Instructions to follow
Copy out each entry precisely; no image belongs in the result.

Information

________________

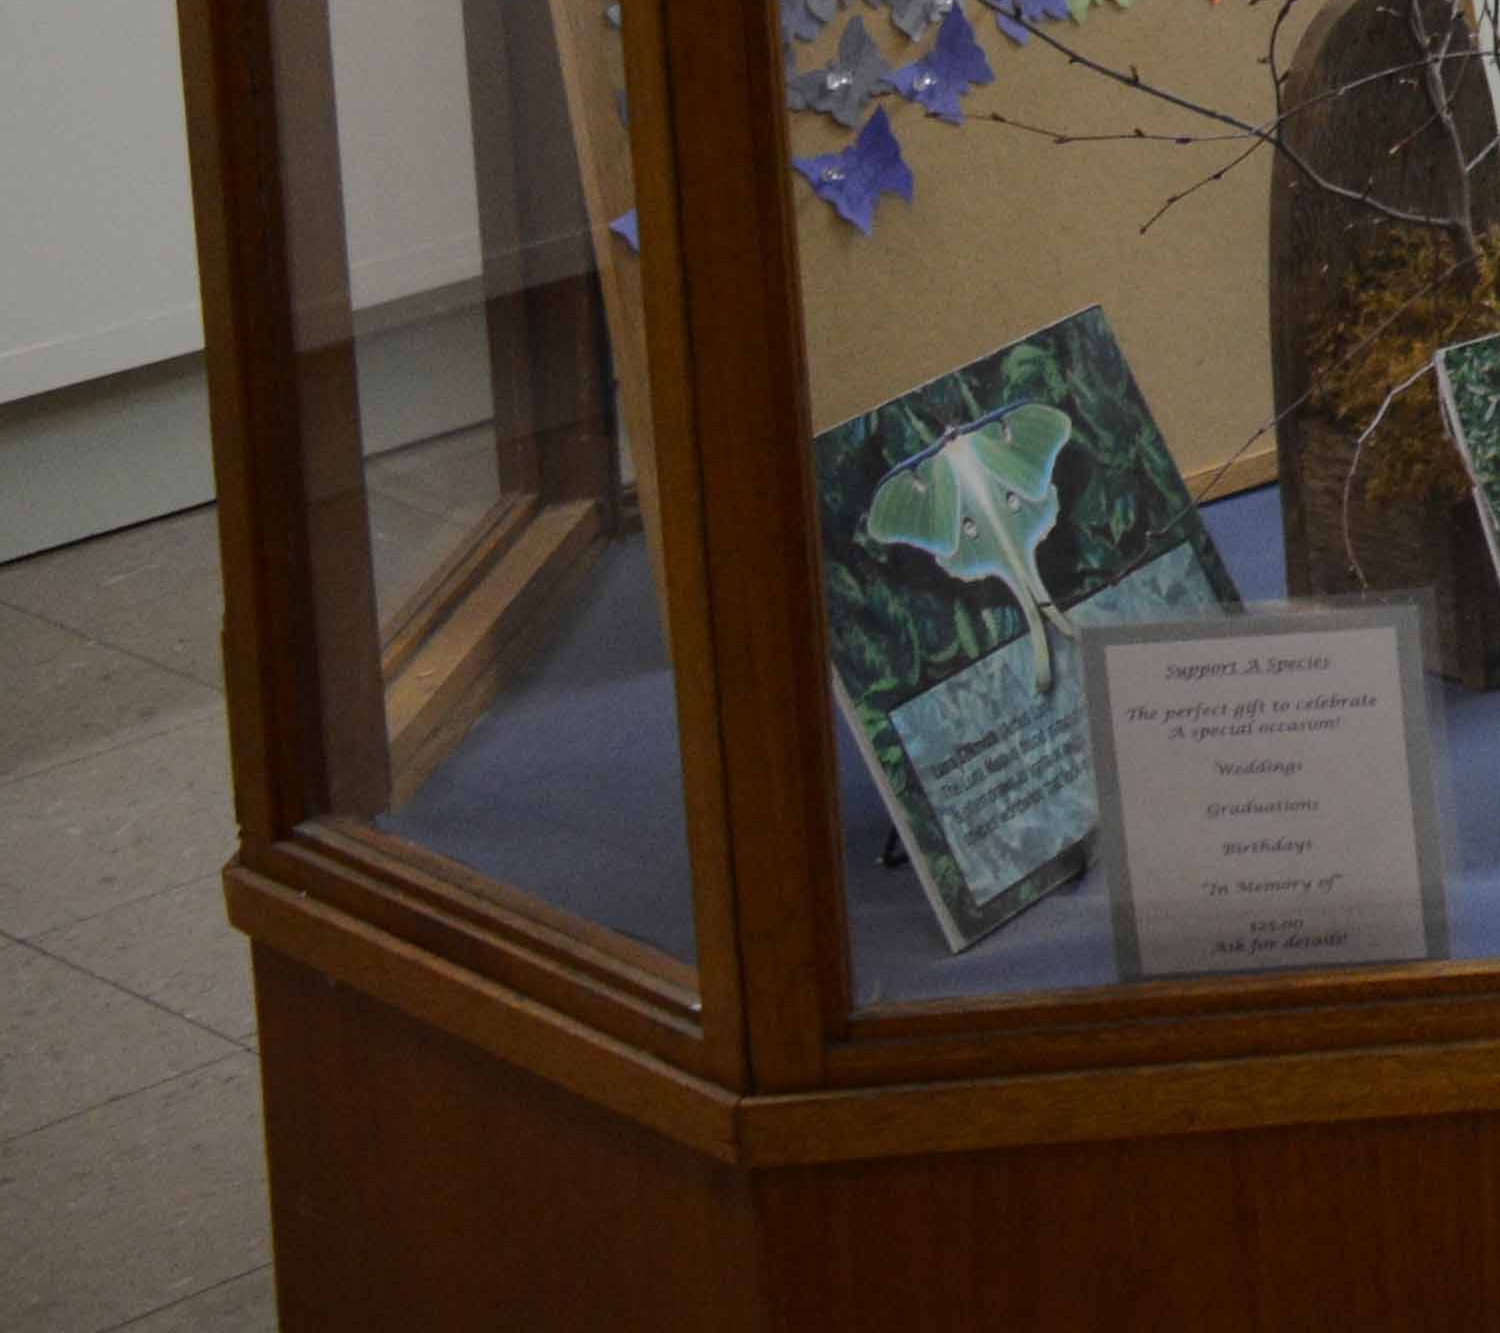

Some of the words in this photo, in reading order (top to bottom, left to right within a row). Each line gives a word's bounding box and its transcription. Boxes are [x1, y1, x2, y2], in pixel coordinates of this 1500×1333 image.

[1165, 660, 1238, 682] Support
[1266, 655, 1330, 676] Species
[1125, 705, 1158, 722] The
[1159, 701, 1228, 725] perfect
[1231, 697, 1265, 719] gift
[1272, 698, 1290, 712] to
[1296, 693, 1378, 711] celebrate
[1192, 719, 1252, 742] special
[1214, 758, 1304, 778] Weddings
[1205, 797, 1320, 819] Graduations
[1222, 836, 1313, 857] Birthdays
[1237, 876, 1313, 895] Memory
[1210, 935, 1245, 955] Ask
[1248, 935, 1278, 956] for
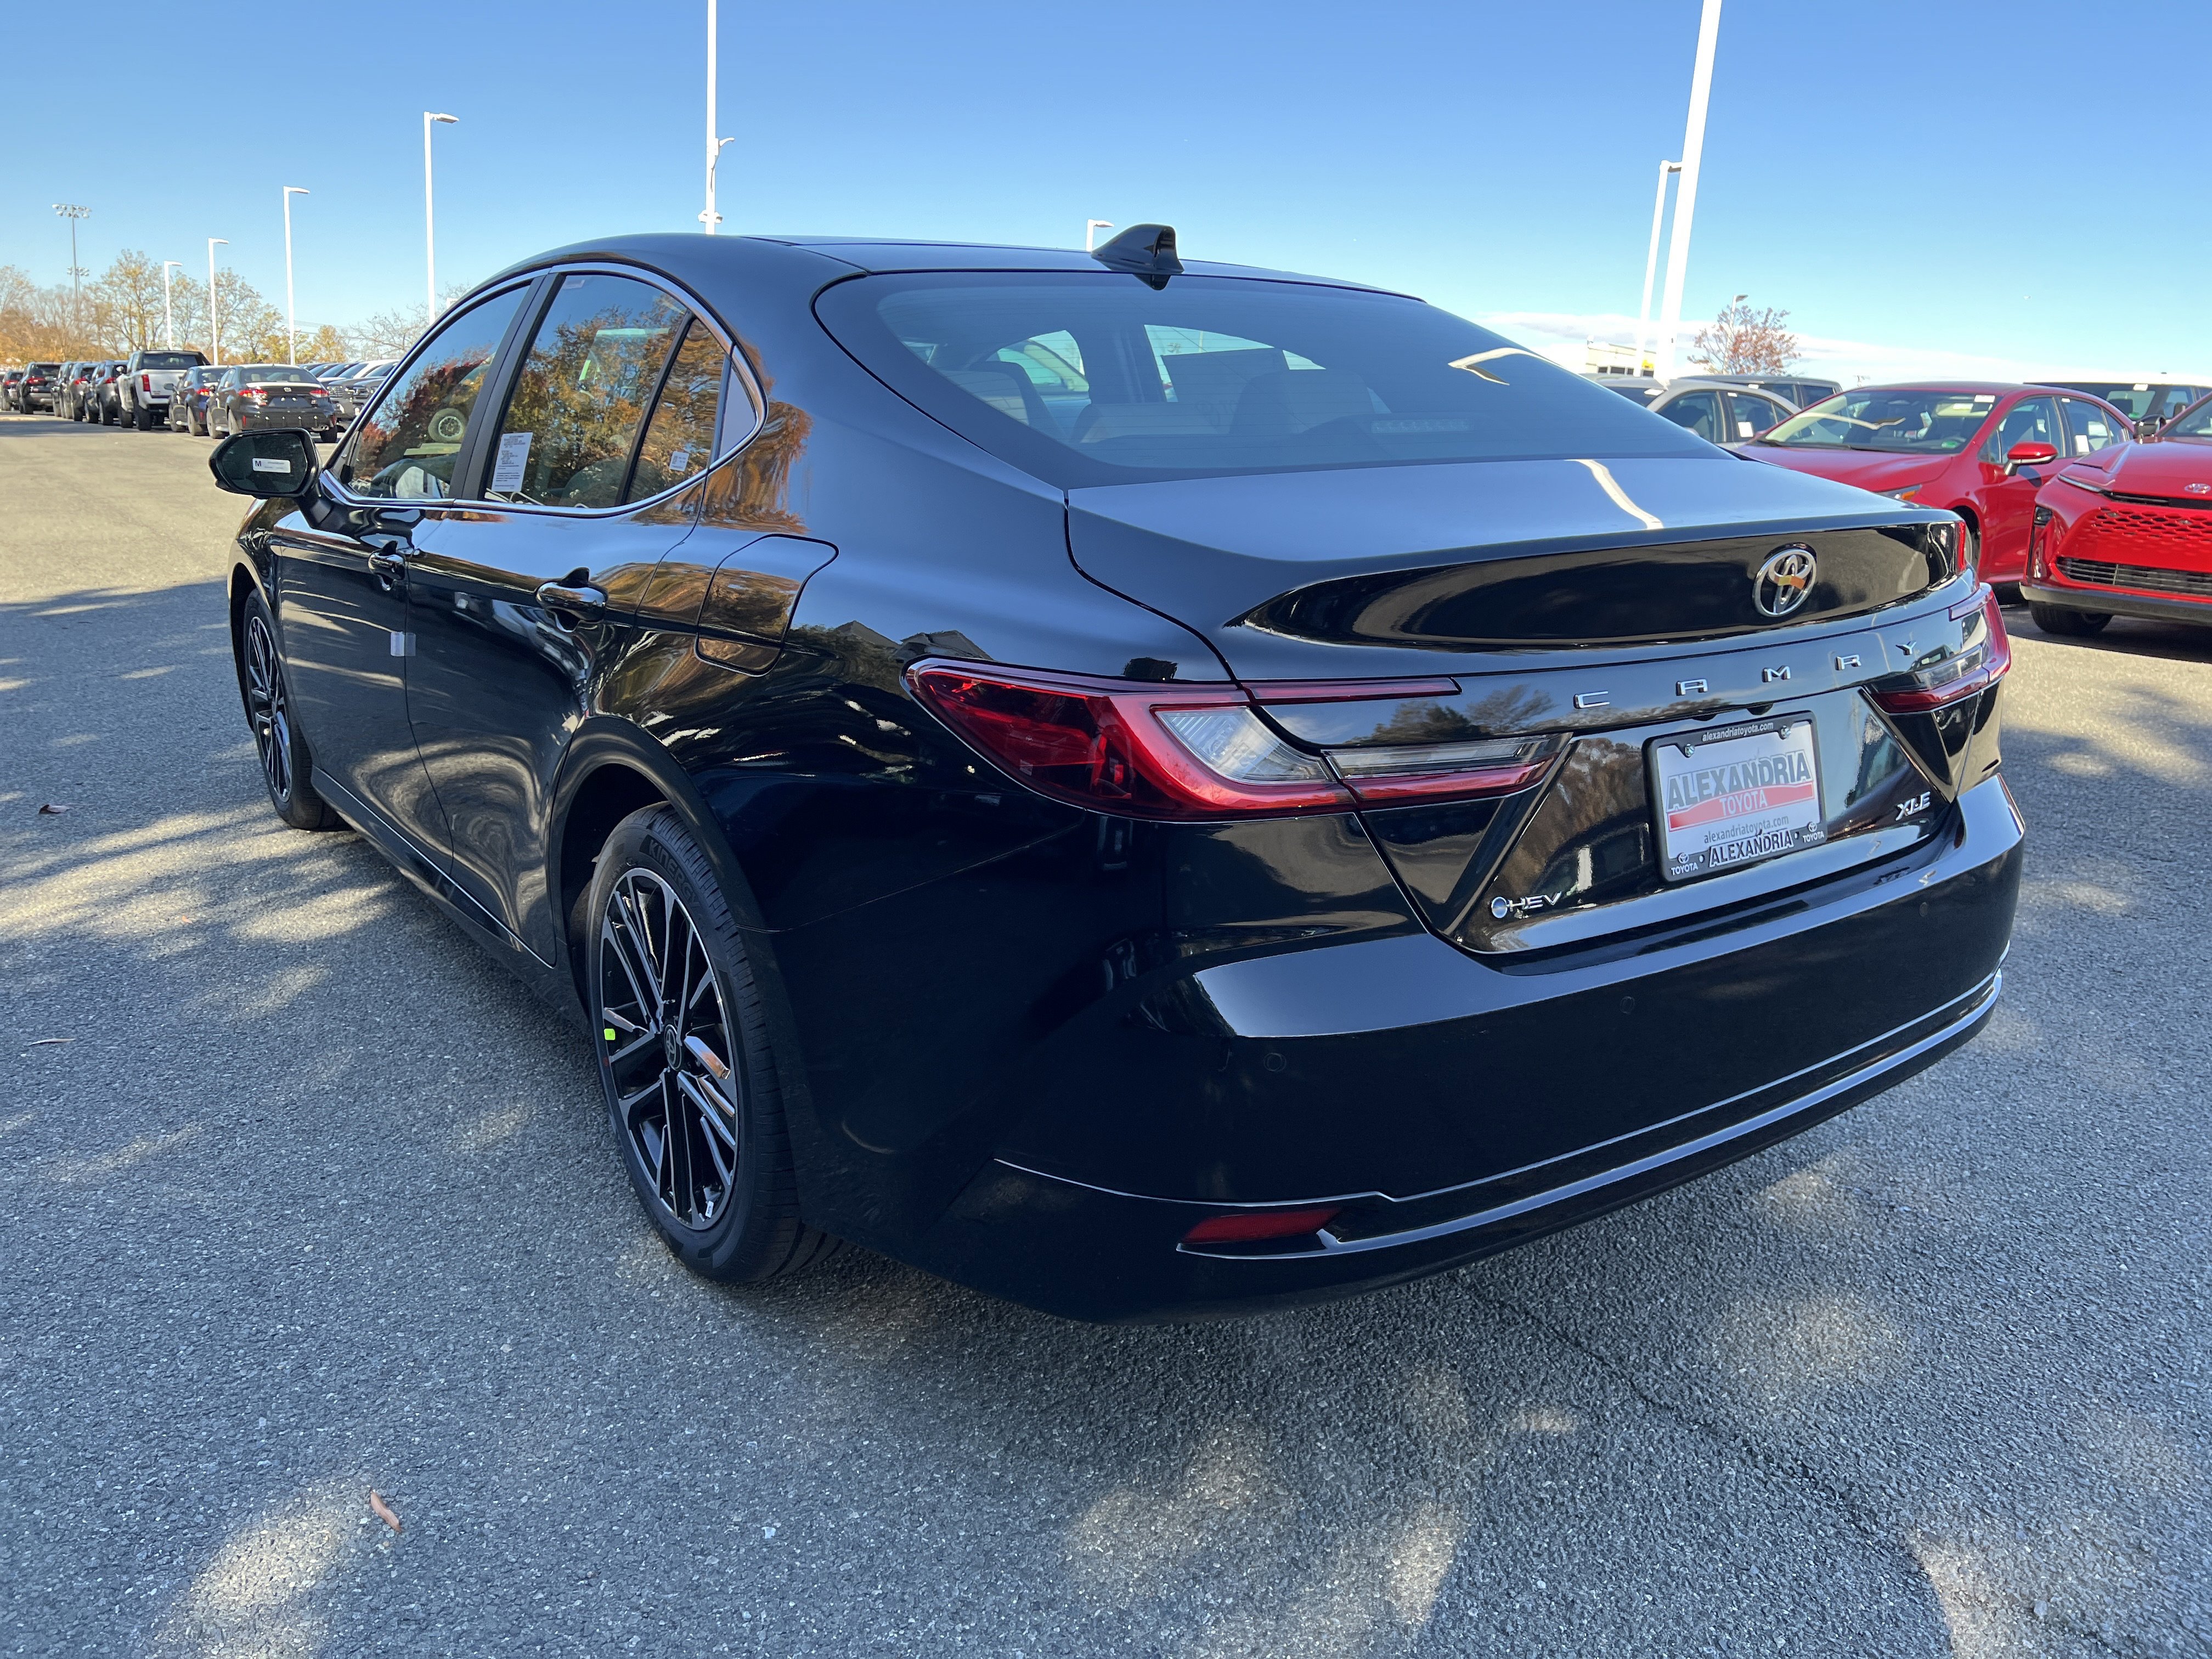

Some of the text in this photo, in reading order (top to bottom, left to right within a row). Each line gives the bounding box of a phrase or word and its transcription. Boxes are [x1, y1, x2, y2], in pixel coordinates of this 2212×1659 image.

[1573, 640, 1917, 709] CAMRY
[1702, 722, 1774, 742] alexandriatoyota.com
[1668, 752, 1812, 810] ALEXANDRIA
[1719, 790, 1768, 816] TOYOTA
[1895, 792, 1931, 821] XLE
[1704, 815, 1789, 844] alexandriatoyota.com
[1803, 831, 1825, 843] TOYOTA
[1708, 830, 1794, 868] ALEXANDRIA
[649, 839, 700, 909] KINERGY
[1671, 862, 1699, 876] TOYOTA
[1508, 891, 1562, 912] HEV

________________

Completed exercise
Some of the words in this photo, in reading order (top to bottom, left to right within a row). Each line gives a word's bounding box and its transcription. Boxes are [x1, y1, x2, y2], in pixel coordinates of this 1500×1333 image.

[1165, 660, 1238, 682] Support
[1266, 655, 1330, 676] Species
[1125, 705, 1158, 722] The
[1159, 701, 1228, 725] perfect
[1231, 697, 1265, 719] gift
[1272, 698, 1290, 712] to
[1296, 693, 1378, 711] celebrate
[1192, 719, 1252, 742] special
[1214, 758, 1304, 778] Weddings
[1205, 797, 1320, 819] Graduations
[1222, 836, 1313, 857] Birthdays
[1237, 876, 1313, 895] Memory
[1210, 935, 1245, 955] Ask
[1248, 935, 1278, 956] for

Some of the text in this photo, in reading order (top to bottom, left to right within a row). Each line gives the bounding box of a phrase or word and its transcription. Boxes are [x1, y1, x2, y2], in pixel coordinates of this 2212×1659 image.

[1573, 640, 1917, 709] CAMRY
[1702, 722, 1774, 742] alexandriatoyota.com
[1668, 752, 1812, 810] ALEXANDRIA
[1719, 790, 1768, 816] TOYOTA
[1895, 792, 1931, 821] XLE
[1704, 815, 1789, 844] alexandriatoyota.com
[1803, 831, 1825, 843] TOYOTA
[1708, 830, 1794, 868] ALEXANDRIA
[649, 839, 700, 909] KINERGY
[1671, 862, 1699, 876] TOYOTA
[1508, 891, 1562, 912] HEV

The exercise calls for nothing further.